II- Um acto desproporcional é desregrado, desmedido, é desequilibrado entre o interesse público subjacente e o interesse privado nele envolvido; é um acto que apresenta uma dispositividade com uma dimensão maior do que era expectável ou aconselhável que tivesse.
III- Um acto injusto é aquele que o administrado não merece, ou porque vai além do que o aconselha a natureza do caso e impõe sacrifícios infundados atendendo à matéria envolvida, ou porque não considera aspectos pessoais do destinatário que deveriam ter levado a outras ponderação e prudência administrativas. É injusto porque, podendo o seu objecto realizar-se com uma carga menor para o administrado, a este se lhe impõe, apesar disso, um gravame penoso demais.
Processo nº 647/2010
(Recurso Contencioso)
Acordam no Tribunal de Segunda Instância da RAEM
I- Relatório
A, de nacionalidade chinesa e titular do passaporte da República Popular da China nº G35431XXX, recorre contenciosamente do despacho do Exmo. Secretário para a Economia e Finanças de 28/05/2010 (1), que indeferiu o pedido de renovação de autorização de residência temporária de seu pai B com fundamento na al. 1) do nº2, do art. 9º da Lei nº 4/2003, ex vi art. 11º do DL nº 14/95, de 27 de Março.

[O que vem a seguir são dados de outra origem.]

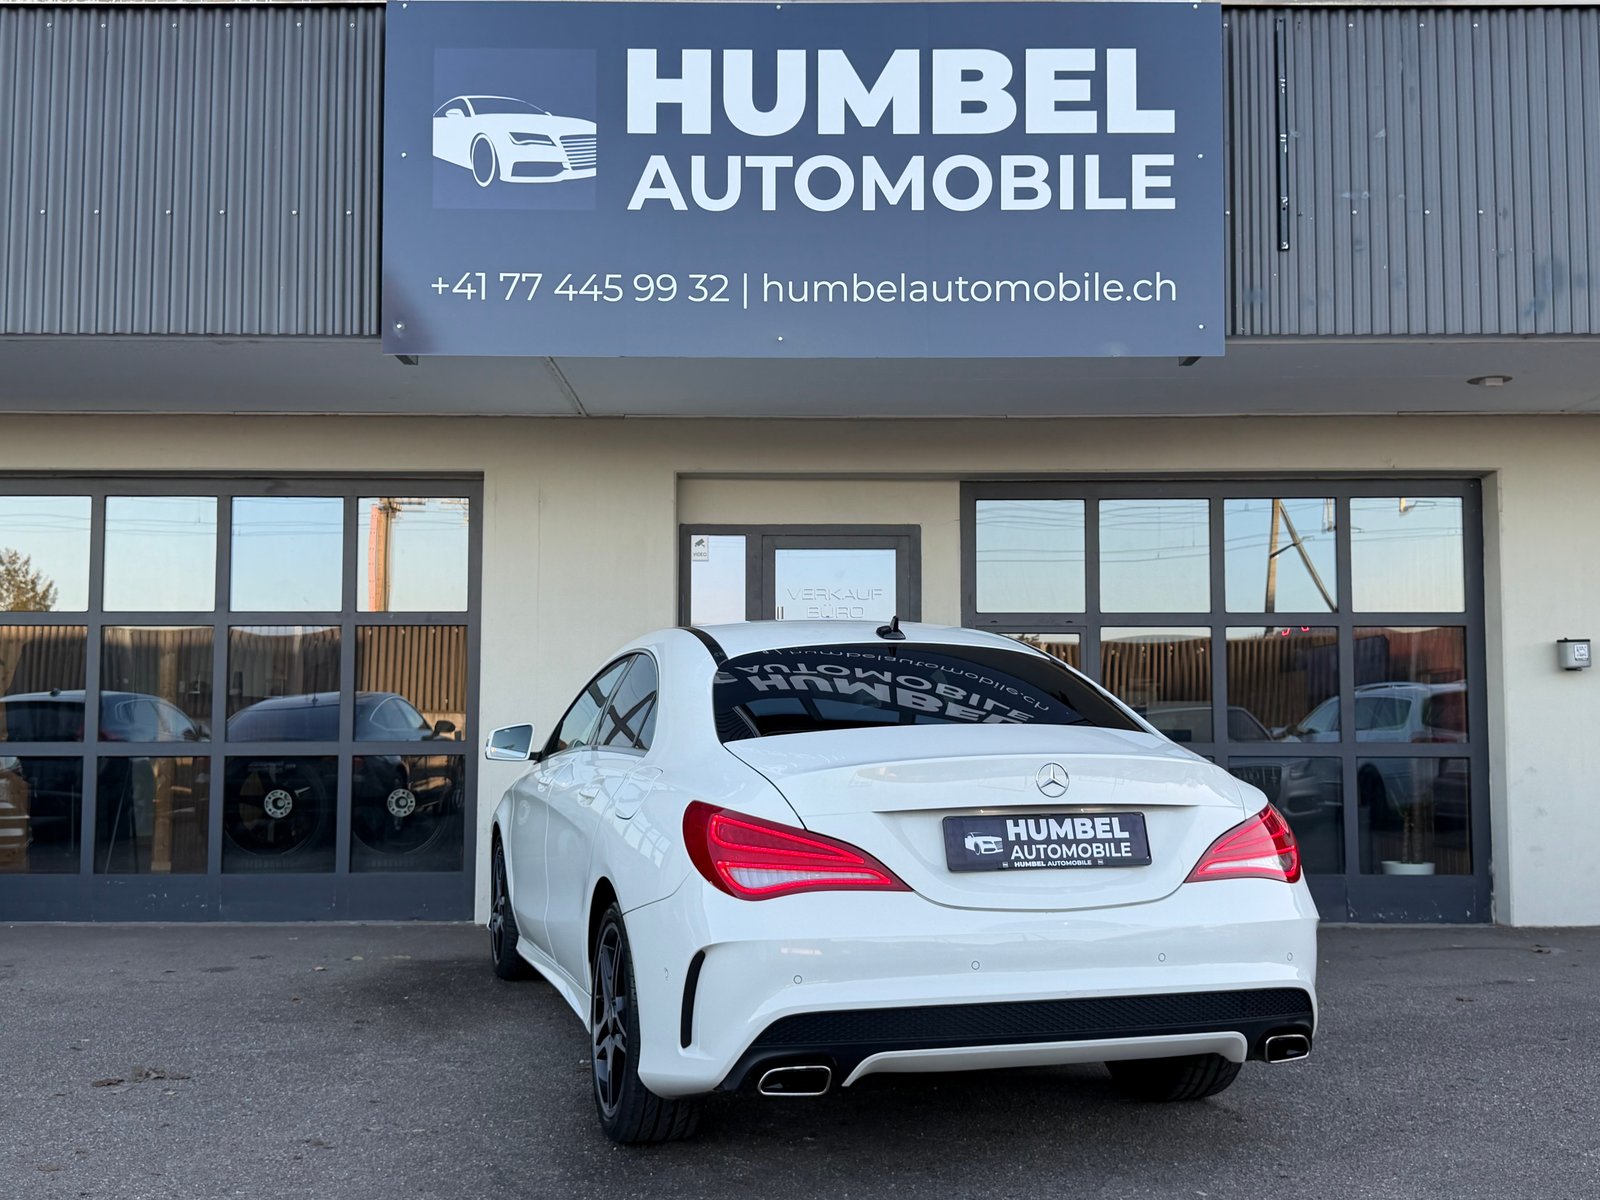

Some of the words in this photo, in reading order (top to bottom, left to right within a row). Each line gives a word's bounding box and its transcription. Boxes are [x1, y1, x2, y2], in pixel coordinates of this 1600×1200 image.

[626, 47, 1177, 137] HUMBEL
[627, 153, 1177, 213] AUTOMOBILE
[431, 272, 487, 301] +41
[499, 272, 543, 301] 77
[553, 273, 624, 302] 445
[632, 273, 678, 302] 99
[687, 273, 730, 302] 32
[762, 271, 1178, 303] humbelautomobile.ch
[786, 588, 883, 601] VERKAUF
[806, 603, 865, 619] BÜRO
[1006, 817, 1129, 841] HUMBEL
[1010, 842, 1133, 860] AUTOMOBILE
[1047, 859, 1092, 867] AUTOMOBILE

Na petição inicial o recorrente apresentou as seguintes conclusões:
1. A decisão sob censura viola dos princípios da proporcionalidade, razoabilidade e da justiça.
2. Foi concedido ao Requerente e aos membros do seu agregado familiar autorização de residência, pelo período de 3 anos, tendo a família desde então, passado a residir em Macau.
3. A mãe do Requerente é funcionária do casino Kampek, desempenhando a função de dealer.
4. O pai do o Requerente é engenheiro.
5. O Requerente, por sua vez, é proprietário de 4 fracções autónomas, e é bate-fichas.
6. Encontrando-se o agregado familiar perfeitamente enraizado, bem como social, económica e profissionalmente integrado em Macau.
7. O facto de o pai do Requerente ter sido condenado na pena de 6 meses de prisão, suspensa na sua execução pelo período de 2 anos, não determina só por si a recusa da autorização de residência.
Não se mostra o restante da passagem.